## Data listing
━━━

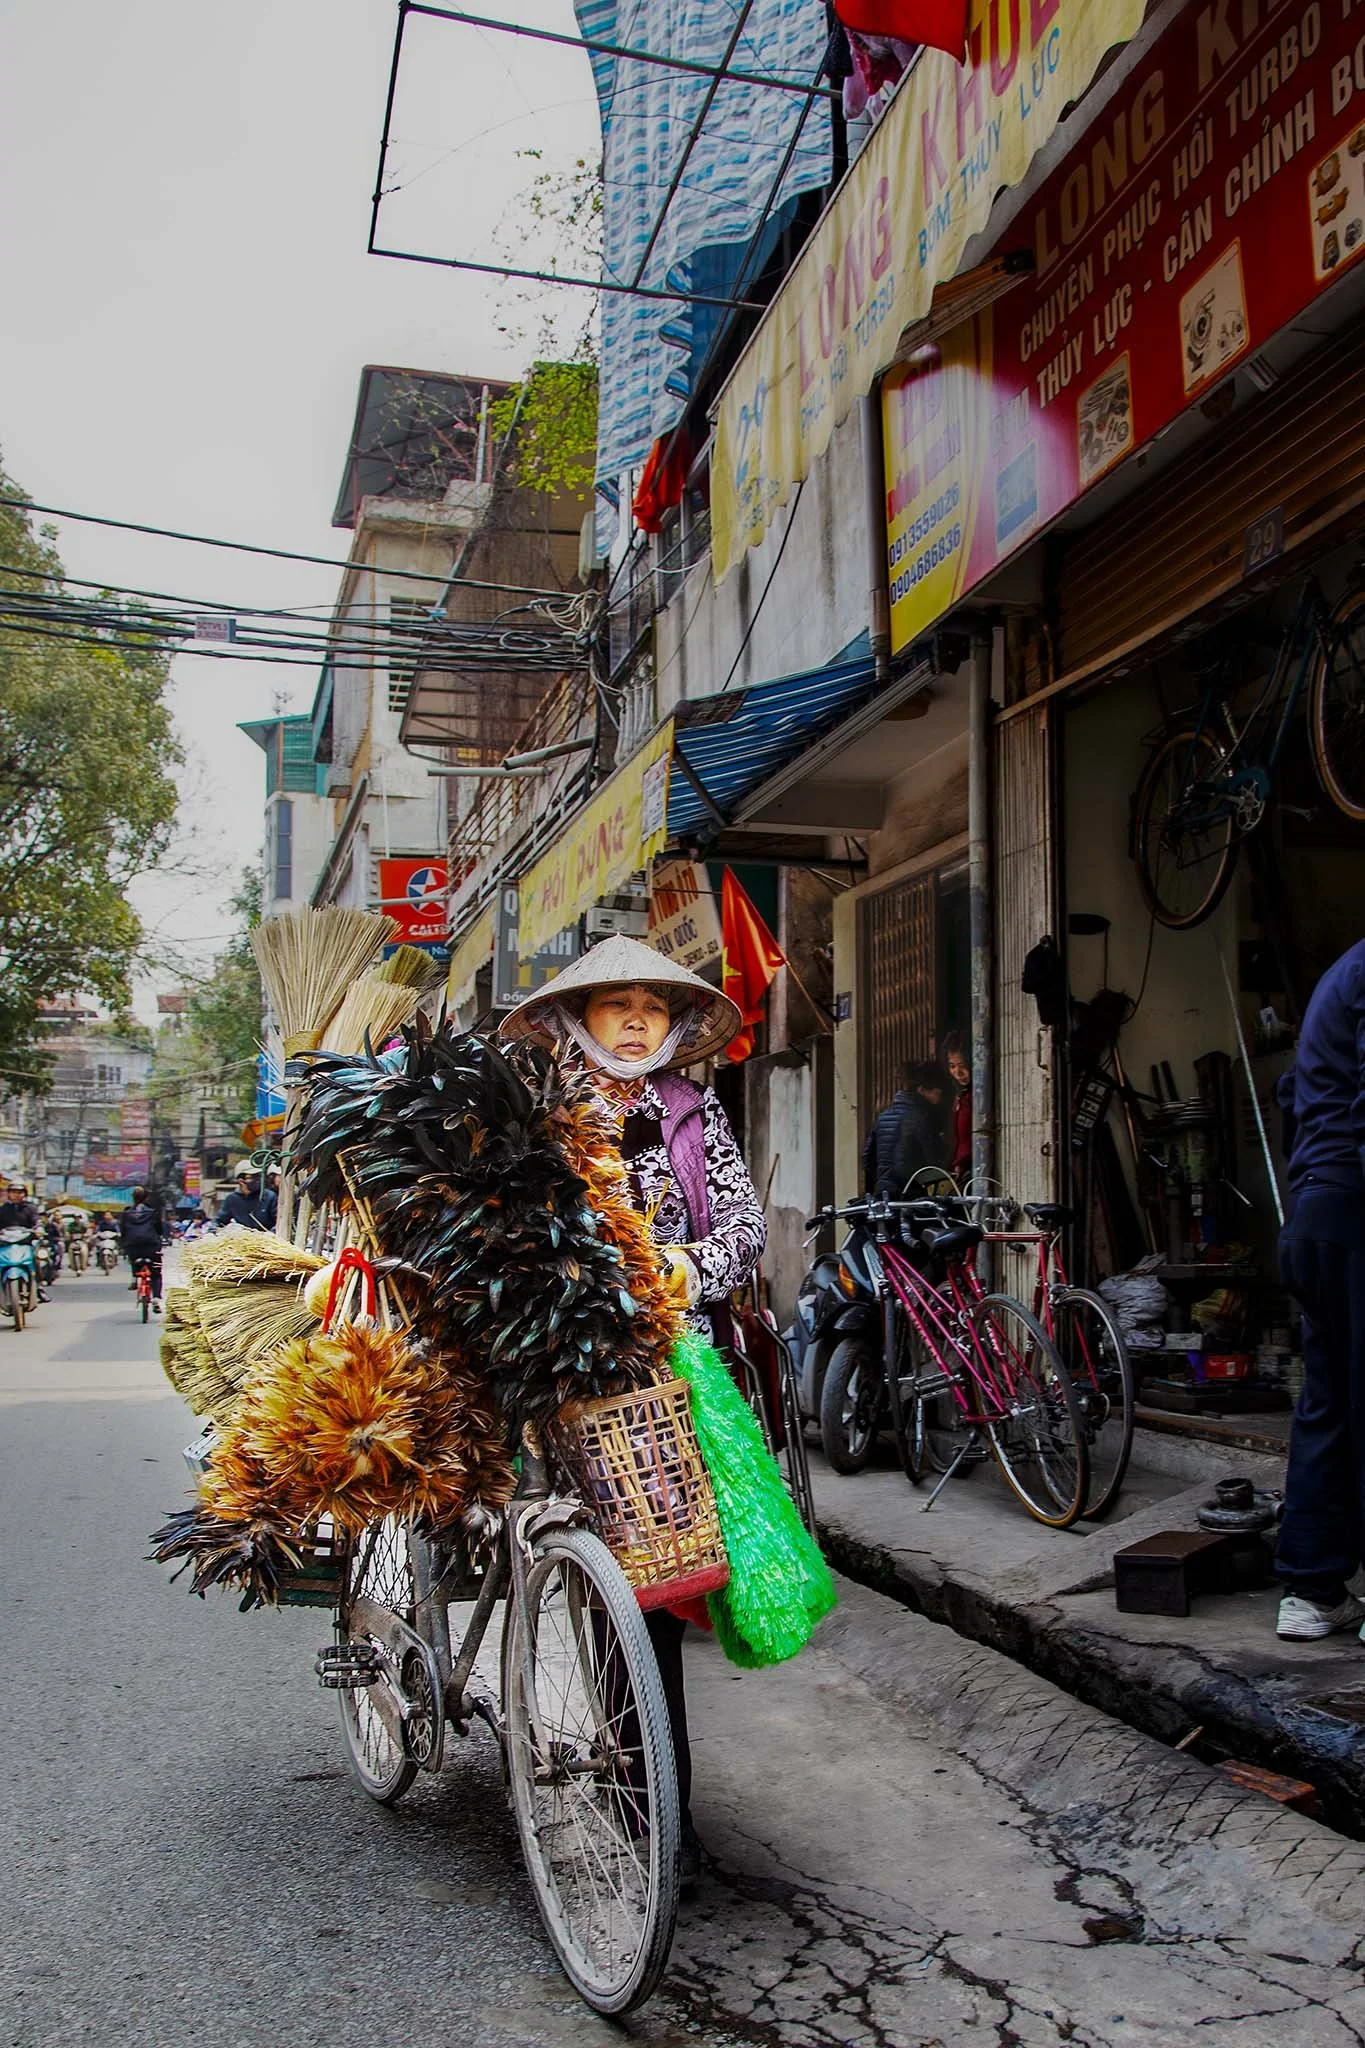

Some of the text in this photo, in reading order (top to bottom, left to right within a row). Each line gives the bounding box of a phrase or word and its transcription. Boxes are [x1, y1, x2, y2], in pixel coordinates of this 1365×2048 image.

[1020, 2, 1321, 362] CHUYÊN PHỤC HỒI TURBO
[1035, 0, 1272, 279] LONG K
[799, 176, 892, 397] LONG
[1036, 329, 1083, 411] THỦY
[1093, 283, 1133, 357] LỰC
[1143, 279, 1153, 293] -
[1163, 196, 1213, 283] CÂN
[1224, 90, 1316, 218] CHỈNH
[854, 273, 895, 356] TURBO
[889, 481, 960, 570] 0913559026
[890, 521, 961, 607] 0904686836
[1249, 519, 1276, 566] 29
[408, 924, 449, 936] CALTE
[674, 915, 698, 948] QUỐC

━━━

## Description of the task
Leave the pictures out and restate the listing word for word.

## Expected answer
Some of the text in this photo, in reading order (top to bottom, left to right within a row). Each line gives the bounding box of a phrase or word and its transcription. Boxes are [x1, y1, x2, y2], in pixel coordinates of this 1365×2048 image.

[1020, 2, 1321, 362] CHUYÊN PHỤC HỒI TURBO
[1035, 0, 1272, 279] LONG K
[799, 176, 892, 397] LONG
[1036, 329, 1083, 411] THỦY
[1093, 283, 1133, 357] LỰC
[1143, 279, 1153, 293] -
[1163, 196, 1213, 283] CÂN
[1224, 90, 1316, 218] CHỈNH
[854, 273, 895, 356] TURBO
[889, 481, 960, 570] 0913559026
[890, 521, 961, 607] 0904686836
[1249, 519, 1276, 566] 29
[408, 924, 449, 936] CALTE
[674, 915, 698, 948] QUỐC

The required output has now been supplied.